Quando há colisão entre os dois tenho procurado, ao longo de uma carreira que completou 42 anos em Julho passado, privilegiar a Justiça sem menosprezar, antes fazendo-a inserir no Direito.

Situado nesta bela Praça do Comércio (e lembro Fernando Pessoa quando dizia ter nascido numa aldeia que tinha um teatro de Ópera, referindo-se ao Largo de São Carlos) depois de largos anos de itinerância, que passou pelo Limoeiro, pelo Palácio da Independência e até pelo Brasil, este Supremo Tribunal tem sido um dos pilares do poder soberano de julgar.

É evidente que nos últimos tempos sentimos alguma preocupação sobre o papel do mais Alto Tribunal e da Justiça em geral.

A proletarização da sociedade traduzida numa menorização da classe média vem tendo como consequência que o topo da pirâmide deixe progressivamente de recorrer aos Tribunais já que o Estado incentiva meios alternativos resolução dos conflitos (como a arbitragem, a que a maioria não pode aceder) abdicando da tutela da soberania nesta área.

No outro extremo - base da pirâmide - estão os que tem muita dificuldade em recorrer aos Tribunais perante um sistema de apoio judiciário sempre insuficiente e imperfeito.

E é no meio (aqui sem virtude) que uma classe média, a debater-se com consabidas dificuldades, se tornou a primeira clientela dos Tribunais do Estado, afinal os verdadeiros esteios desta área soberana.

A independência do poder judicial não constitui mera ideologia da Magistratura mas um sentimento arreigado nas massas do País, sem que contudo haja um choque irredutível de vontades.

Não posso deixar de notar que temos vindo a assistir ao anunciar de preocupações sobre a morosidade da justiça, o que se traduziu em alterações a nível processual, mais recentemente, no processo civil

Talvez se tenha olvidado que esse problema é, antes de mais, uma questão de organização e gestão dos Tribunais.

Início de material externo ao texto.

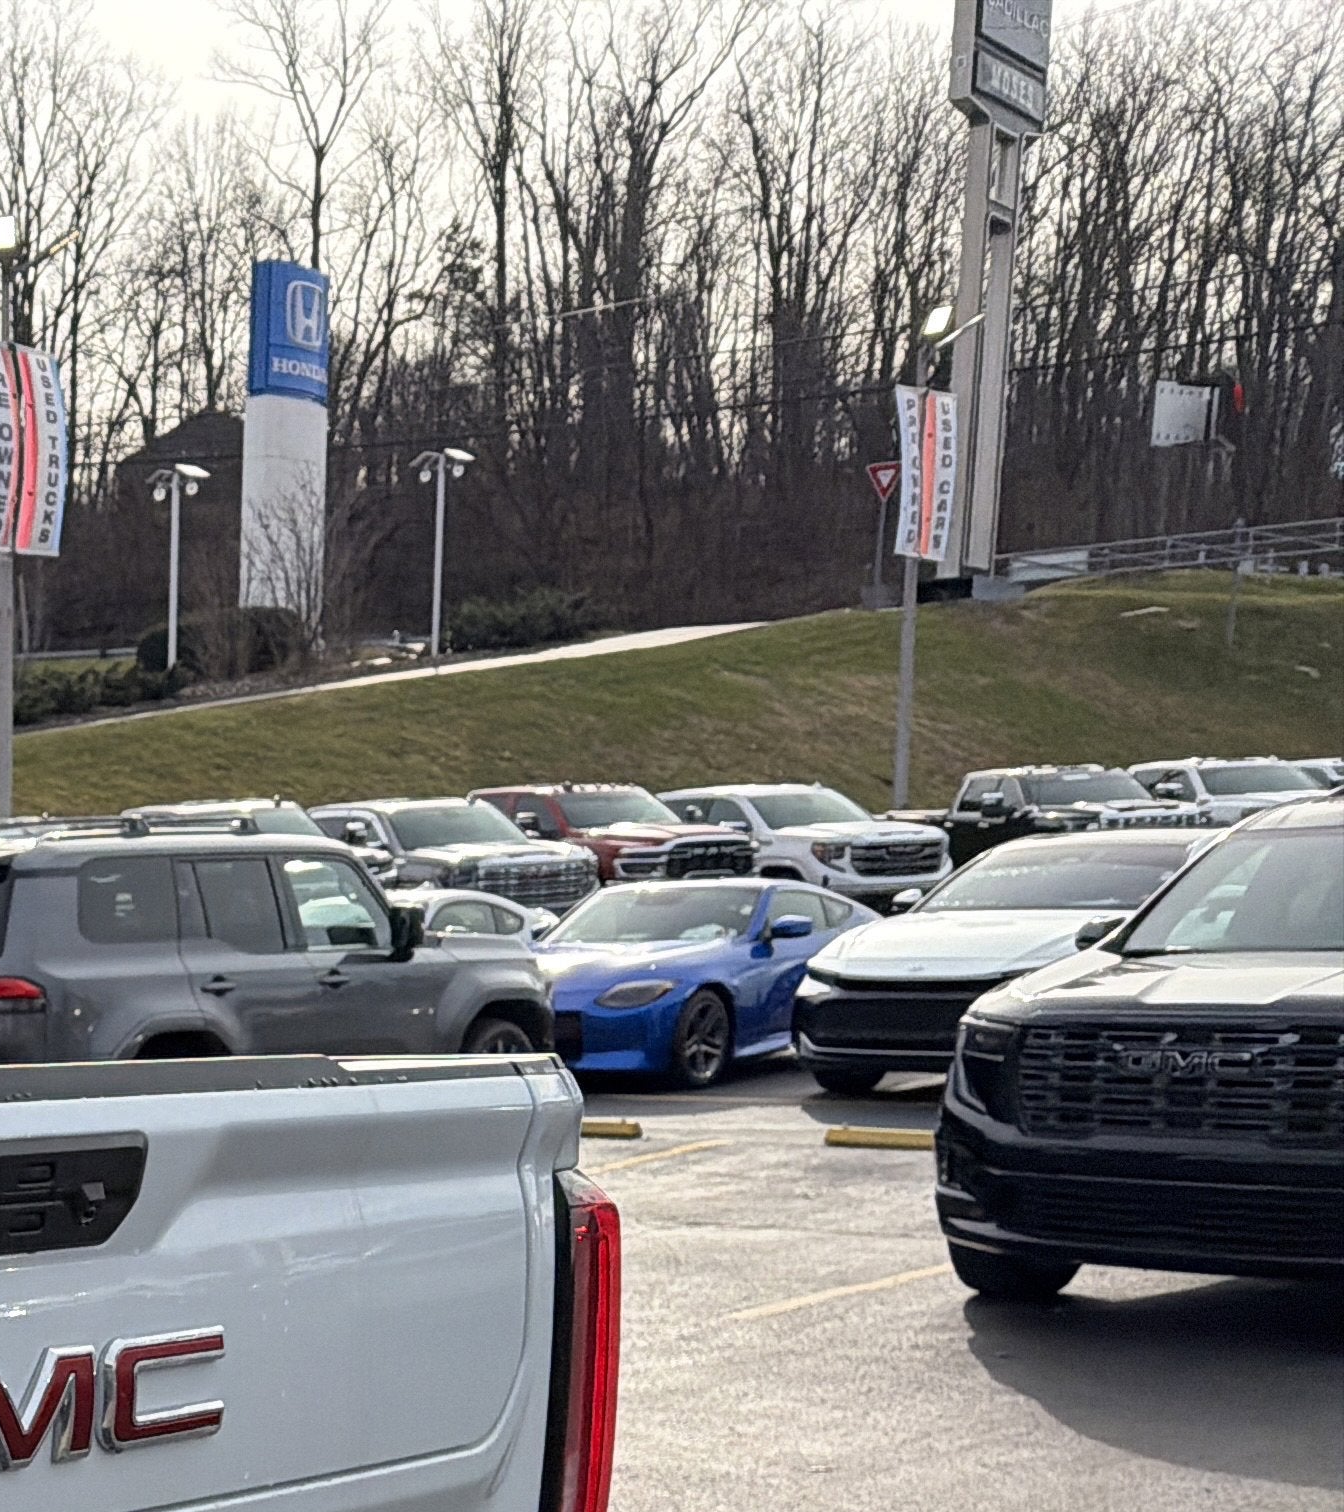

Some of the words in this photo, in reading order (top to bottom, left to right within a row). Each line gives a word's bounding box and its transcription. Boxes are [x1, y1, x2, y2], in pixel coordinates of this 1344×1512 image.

[36, 357, 58, 424] USED
[271, 356, 328, 384] HONDA
[941, 401, 952, 468] USED
[38, 436, 60, 544] TRUCKS
[933, 480, 951, 549] CARS
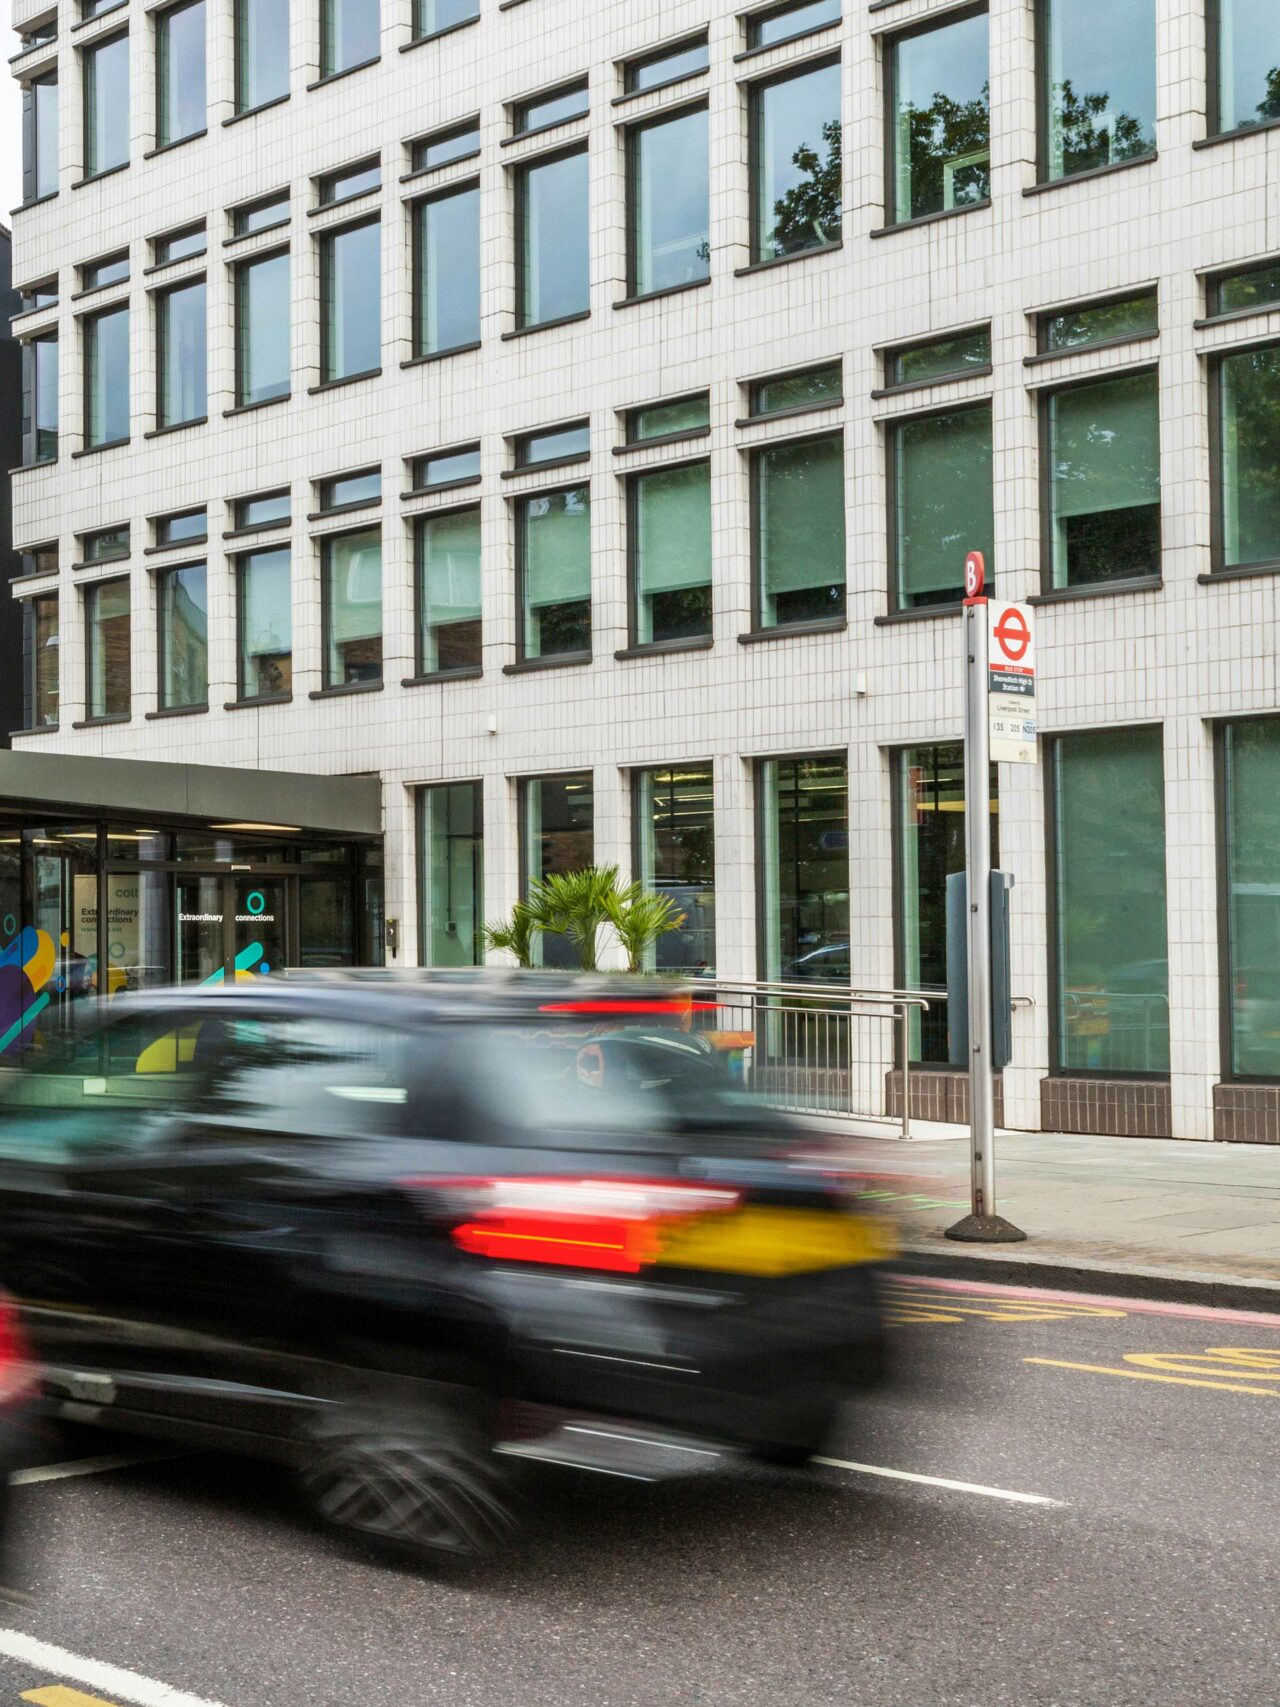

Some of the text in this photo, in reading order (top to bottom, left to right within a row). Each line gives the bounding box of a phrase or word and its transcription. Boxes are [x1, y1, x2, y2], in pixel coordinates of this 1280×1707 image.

[967, 559, 977, 593] B
[997, 704, 1017, 713] Liverpool
[81, 908, 139, 917] Extrrdinary
[178, 913, 275, 922] Extraordinary connections
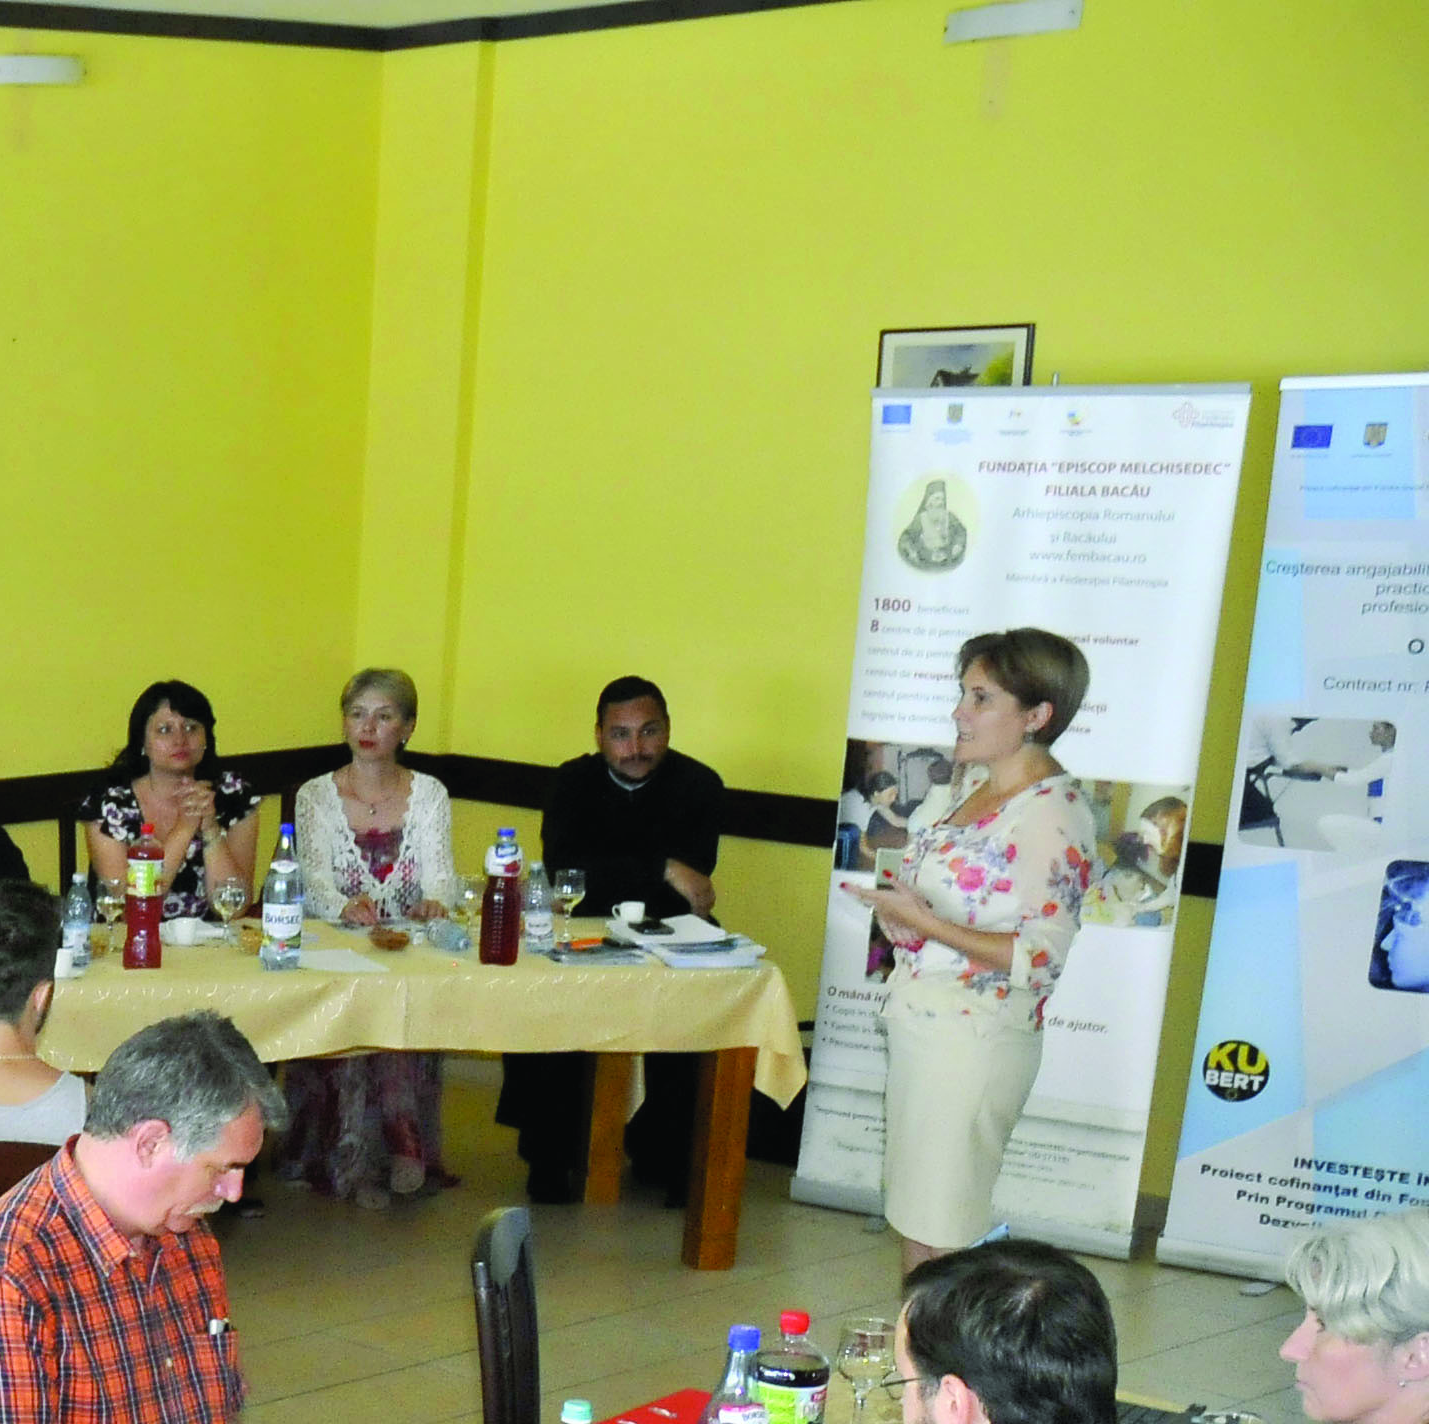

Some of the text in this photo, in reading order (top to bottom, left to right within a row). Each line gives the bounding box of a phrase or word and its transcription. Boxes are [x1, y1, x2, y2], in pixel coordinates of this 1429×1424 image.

[1045, 485, 1096, 497] FILIALA
[873, 598, 911, 612] 1800
[870, 620, 879, 633] 8
[1093, 636, 1139, 646] voluntar
[913, 671, 960, 683] recuper
[1323, 676, 1393, 692] Contract
[263, 913, 302, 925] BORSEC
[1048, 1016, 1065, 1027] de
[1208, 1043, 1268, 1075] KU
[1204, 1068, 1265, 1093] BERT
[1200, 1164, 1263, 1183] Proiect
[1364, 1187, 1393, 1204] din
[1236, 1190, 1270, 1206] Prin

O Supremo Tribunal de Justiça manter-se-á atento e disponível para, com escrúpulo e rigor, garantir a todos os seus Direitos nos precisos termos em que a Lei os consagra.

Aqui já se ponderou, em Acórdão de 2009, que tive o privilégio de relatar:

"O atraso é caracterizado ‘por uma demora intolerável e injustificada na prolação da decisão, mas sem que tal se traduza, apenas, no mero incumprimento de prazos ordenadores ou no não acatamento de instruções de órgãos de gestão das magistraturas, estas, as mais das vezes, fundados em elementos estatísticos colhidos sem rigor, por cotejarem lides de dificuldade e complexidade diversas, deixando a porta aberta para situações em que a busca da celeridade (tantas vezes emulativa) se sobrepõe à busca de acerto e de qualidade científica.

 

A falta de celeridade (ou decisão não proferida "em prazo razoável") deve ser aferida casuisticamente, na ponderação da dificuldade da causa, dos incidentes suscitados, da logística acessível ao magistrado, da necessidade de cumprimento estrito do formalismo da lei, da cooperação entre os julgadores que integram o conclave, na busca de soluções que evitem jurisprudência contraditória, na racionalidade da distribuição e, finalmente, nas características idiossincráticas do julgador.

 (...) Mas nunca é de esquecer que, e como notou o Prof. Castro Mendes, ‘a sobrecarga de trabalho e a pressa' são ‘dois elementos especialmente nocivos' que dificultam uma boa decisão".

 

Tudo isto sem aludir à necessidade de contingentação, aos apoios de assessoria e secretariado que o legislador e a gestão da magistratura tantas vezes olvidam.

Creio que, nesta linha, se vem buscando um esforço legislativo para garantir uma justiça mais célere e eficaz, e aqui irrelevam divergências as mais das vezes pessoais, idiossincráticas, de estilo, que não tanto discordâncias programáticas ou ideológicas.

Pela minha parte, assumo o compromisso de o continuar a fazer coadjuvando, o Senhor Presidente e cooperando com o Senhor Vice-Presidente decano, e garantindo "intra e extra muros" uma representação digna e um cumprimento imaculado dos meus deveres funcionais.

Gostaria, finalmente, de deixar uma palavra de consideração e respeito ao Senhor Presidente emérito com quem tive o privilégio de trabalhar durante cerca de seis anos.